APPROVAL OF THE APPELLATE DIVISION

SUPERIOR COURT OF NEW JERSEY

APPELLATE DIVISION

DOCKET NO. A-5833-05T55833-05T5

ABRAHAM M. KRAMER, by PUBLIC

SERVICE MUTUAL, as Subrogee,

Plaintiff-Appellant,

v.

FOKIS, INC., d/b/a MIDTOWN DINER,

Defendant-Respondent.

_______________________________________

 

Argued April 18, 2007 - Decided May 21, 2007

Before Judges Stern, Collester and Lyons.

On appeal from the Superior Court of New Jersey, Law Division, Hudson County, Docket No. L-2107-05.

David Lustbader argued the cause for appellant.

Stephen R. Katzman argued the cause for respondent (Methfessel & Werbel, attorneys; Mr. Katzman, on the brief).

PER CURIAM

Plaintiff, Public Service Mutual, as insurer and subrogee of landlord, Remark Realty Associates ("Remark"), sued defendant, tenant, Fokis, Inc. ("Fokis"), for losses arising out of a fire on leased premises. Plaintiff appeals from a summary judgment dismissing the action, following defendant's motion, in which it argued that a waiver of subrogation paragraph in the lease barred plaintiff's recovery. Because we find the waiver of subrogation in the lease bars recovery, we affirm.

The following factual and procedural history is relevant to our consideration of the issues advanced on appeal. On April 4, 2003, a fire occurred at a building located on 538 Washington Street, Hoboken. The building was owned by Remark and leased to Fokis. The lease was dated January 7, 2000, and was subsequently modified to extend the term through October 31, 2007. Paragraph 8 of the lease is entitled "Insurance Indemnity." Pursuant to paragraph 8.1,

[t]enant shall, at Tenant's expense, obtain and keep in force during the term of this Lease for the benefit of Landlord, a policy of Bodily Injury and Property Damage insurance insuring Landlord and Tenant against any liability arising out of the ownership, use, occupancy or maintenance of the Premises and all areas appurtenant thereto.

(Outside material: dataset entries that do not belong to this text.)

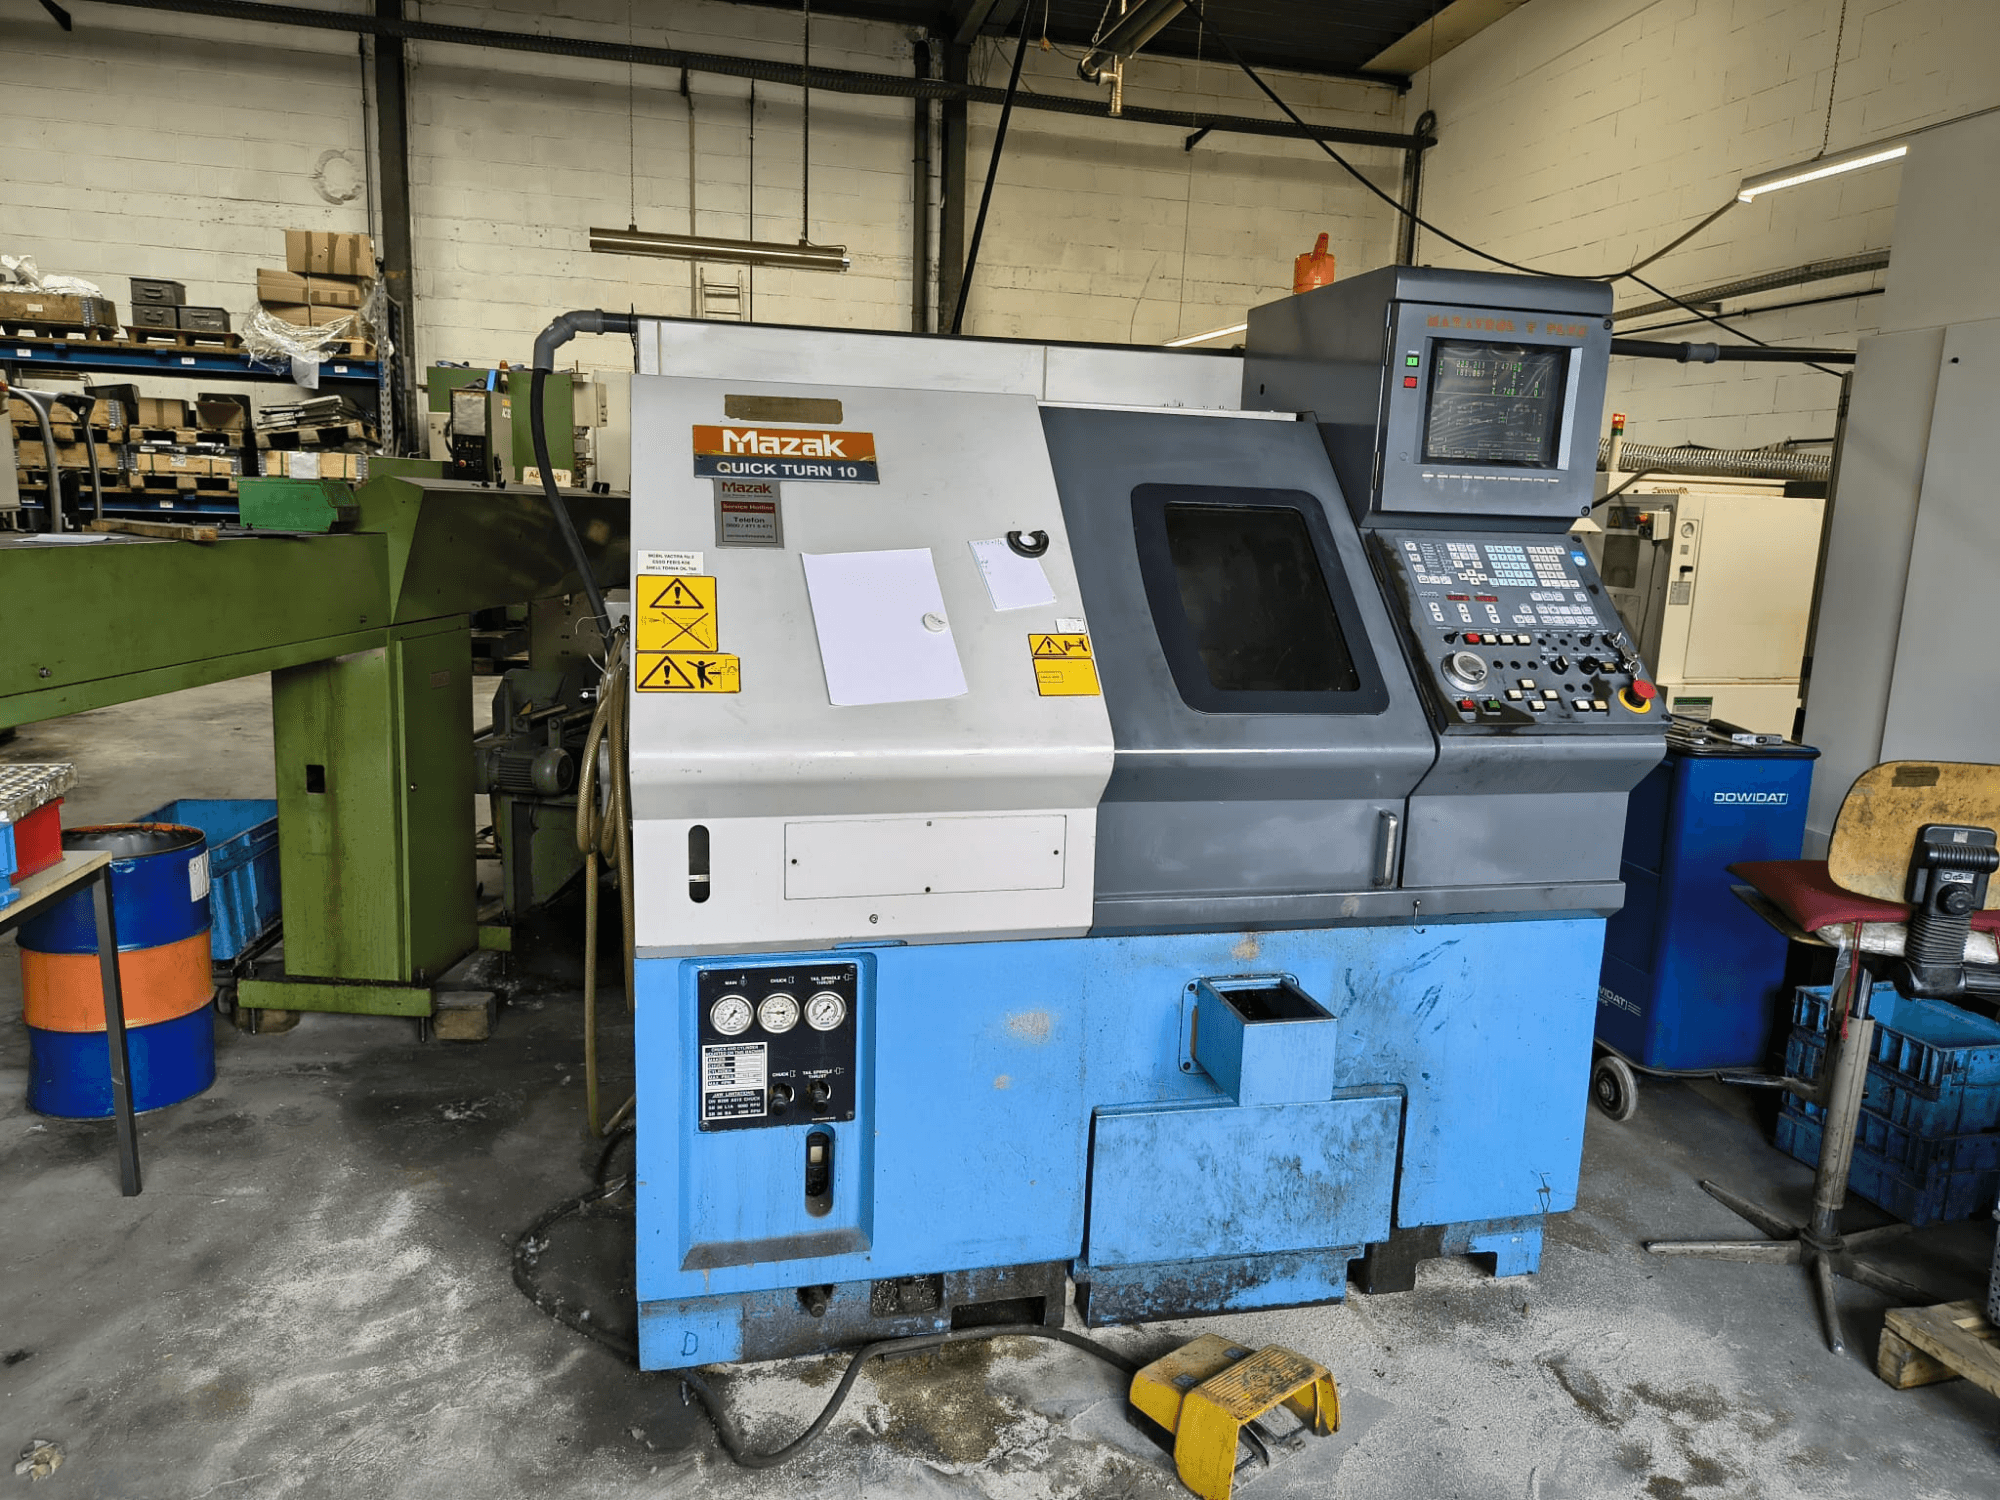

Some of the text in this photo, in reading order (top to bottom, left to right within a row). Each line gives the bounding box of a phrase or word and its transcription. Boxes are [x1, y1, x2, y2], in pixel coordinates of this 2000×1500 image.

[722, 429, 848, 458] Mazak
[716, 461, 858, 478] QUICK TURN 10
[722, 482, 773, 494] Mazak
[1714, 792, 1788, 804] DOWIDAT
[681, 1330, 698, 1356] D

Paragraph 8.3 of the lease reads as follows:

Waiver of Subrogation. Tenant and Landlord each hereby release and relieve the other and waive their entire right of recovery against the other for loss or damage arising out of or incident to the perils insured against under this Lease, which perils occur in, on or about the Premises, whether due to the negligence of the Landlord or Tenant or their agents, employees, contractors and/or invitees. Tenant shall, upon obtaining the policies of insurance required hereunder, give notice to the insurance carrier or carriers that the foregoing mutual waiver of subrogation is contained in this Lease.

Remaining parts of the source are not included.